INPUT Block Start

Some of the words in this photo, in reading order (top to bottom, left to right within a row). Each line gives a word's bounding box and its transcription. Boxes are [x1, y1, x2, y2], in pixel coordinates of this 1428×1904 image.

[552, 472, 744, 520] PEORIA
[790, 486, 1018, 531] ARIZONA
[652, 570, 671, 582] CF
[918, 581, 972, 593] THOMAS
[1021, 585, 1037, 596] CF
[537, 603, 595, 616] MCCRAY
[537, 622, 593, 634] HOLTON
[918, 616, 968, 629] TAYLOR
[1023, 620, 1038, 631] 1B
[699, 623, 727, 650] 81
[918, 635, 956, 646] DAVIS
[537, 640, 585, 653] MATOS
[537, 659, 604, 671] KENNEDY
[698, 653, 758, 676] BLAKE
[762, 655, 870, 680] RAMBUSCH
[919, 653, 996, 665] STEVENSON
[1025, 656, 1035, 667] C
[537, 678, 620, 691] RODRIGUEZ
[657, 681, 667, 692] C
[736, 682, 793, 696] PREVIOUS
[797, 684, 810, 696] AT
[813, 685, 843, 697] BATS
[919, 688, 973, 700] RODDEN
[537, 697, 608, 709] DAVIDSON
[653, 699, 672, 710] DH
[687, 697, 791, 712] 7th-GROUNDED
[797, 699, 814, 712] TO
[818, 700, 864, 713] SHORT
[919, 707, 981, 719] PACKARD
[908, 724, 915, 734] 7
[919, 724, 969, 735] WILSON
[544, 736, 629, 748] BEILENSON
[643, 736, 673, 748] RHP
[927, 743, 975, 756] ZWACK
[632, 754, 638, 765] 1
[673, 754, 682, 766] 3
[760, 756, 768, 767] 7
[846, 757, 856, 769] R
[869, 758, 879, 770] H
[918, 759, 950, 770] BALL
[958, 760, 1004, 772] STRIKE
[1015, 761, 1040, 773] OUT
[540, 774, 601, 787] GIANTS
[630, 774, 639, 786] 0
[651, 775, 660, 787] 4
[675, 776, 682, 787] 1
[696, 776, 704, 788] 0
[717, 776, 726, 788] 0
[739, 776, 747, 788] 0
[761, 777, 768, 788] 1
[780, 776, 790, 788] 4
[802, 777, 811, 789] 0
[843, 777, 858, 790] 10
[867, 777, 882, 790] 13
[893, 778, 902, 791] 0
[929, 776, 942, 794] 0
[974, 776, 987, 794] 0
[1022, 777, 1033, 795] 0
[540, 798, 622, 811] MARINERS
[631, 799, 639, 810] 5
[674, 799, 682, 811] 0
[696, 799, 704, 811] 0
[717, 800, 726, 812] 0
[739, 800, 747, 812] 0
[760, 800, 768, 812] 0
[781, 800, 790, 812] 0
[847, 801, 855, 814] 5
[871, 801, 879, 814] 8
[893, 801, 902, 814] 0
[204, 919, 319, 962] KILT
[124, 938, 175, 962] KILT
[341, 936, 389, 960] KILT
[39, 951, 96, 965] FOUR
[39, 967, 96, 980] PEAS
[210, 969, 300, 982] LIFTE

INPUT Block End

In full and word for word, reproduce the data above.

Some of the words in this photo, in reading order (top to bottom, left to right within a row). Each line gives a word's bounding box and its transcription. Boxes are [x1, y1, x2, y2], in pixel coordinates of this 1428×1904 image.

[552, 472, 744, 520] PEORIA
[790, 486, 1018, 531] ARIZONA
[652, 570, 671, 582] CF
[918, 581, 972, 593] THOMAS
[1021, 585, 1037, 596] CF
[537, 603, 595, 616] MCCRAY
[537, 622, 593, 634] HOLTON
[918, 616, 968, 629] TAYLOR
[1023, 620, 1038, 631] 1B
[699, 623, 727, 650] 81
[918, 635, 956, 646] DAVIS
[537, 640, 585, 653] MATOS
[537, 659, 604, 671] KENNEDY
[698, 653, 758, 676] BLAKE
[762, 655, 870, 680] RAMBUSCH
[919, 653, 996, 665] STEVENSON
[1025, 656, 1035, 667] C
[537, 678, 620, 691] RODRIGUEZ
[657, 681, 667, 692] C
[736, 682, 793, 696] PREVIOUS
[797, 684, 810, 696] AT
[813, 685, 843, 697] BATS
[919, 688, 973, 700] RODDEN
[537, 697, 608, 709] DAVIDSON
[653, 699, 672, 710] DH
[687, 697, 791, 712] 7th-GROUNDED
[797, 699, 814, 712] TO
[818, 700, 864, 713] SHORT
[919, 707, 981, 719] PACKARD
[908, 724, 915, 734] 7
[919, 724, 969, 735] WILSON
[544, 736, 629, 748] BEILENSON
[643, 736, 673, 748] RHP
[927, 743, 975, 756] ZWACK
[632, 754, 638, 765] 1
[673, 754, 682, 766] 3
[760, 756, 768, 767] 7
[846, 757, 856, 769] R
[869, 758, 879, 770] H
[918, 759, 950, 770] BALL
[958, 760, 1004, 772] STRIKE
[1015, 761, 1040, 773] OUT
[540, 774, 601, 787] GIANTS
[630, 774, 639, 786] 0
[651, 775, 660, 787] 4
[675, 776, 682, 787] 1
[696, 776, 704, 788] 0
[717, 776, 726, 788] 0
[739, 776, 747, 788] 0
[761, 777, 768, 788] 1
[780, 776, 790, 788] 4
[802, 777, 811, 789] 0
[843, 777, 858, 790] 10
[867, 777, 882, 790] 13
[893, 778, 902, 791] 0
[929, 776, 942, 794] 0
[974, 776, 987, 794] 0
[1022, 777, 1033, 795] 0
[540, 798, 622, 811] MARINERS
[631, 799, 639, 810] 5
[674, 799, 682, 811] 0
[696, 799, 704, 811] 0
[717, 800, 726, 812] 0
[739, 800, 747, 812] 0
[760, 800, 768, 812] 0
[781, 800, 790, 812] 0
[847, 801, 855, 814] 5
[871, 801, 879, 814] 8
[893, 801, 902, 814] 0
[204, 919, 319, 962] KILT
[124, 938, 175, 962] KILT
[341, 936, 389, 960] KILT
[39, 951, 96, 965] FOUR
[39, 967, 96, 980] PEAS
[210, 969, 300, 982] LIFTE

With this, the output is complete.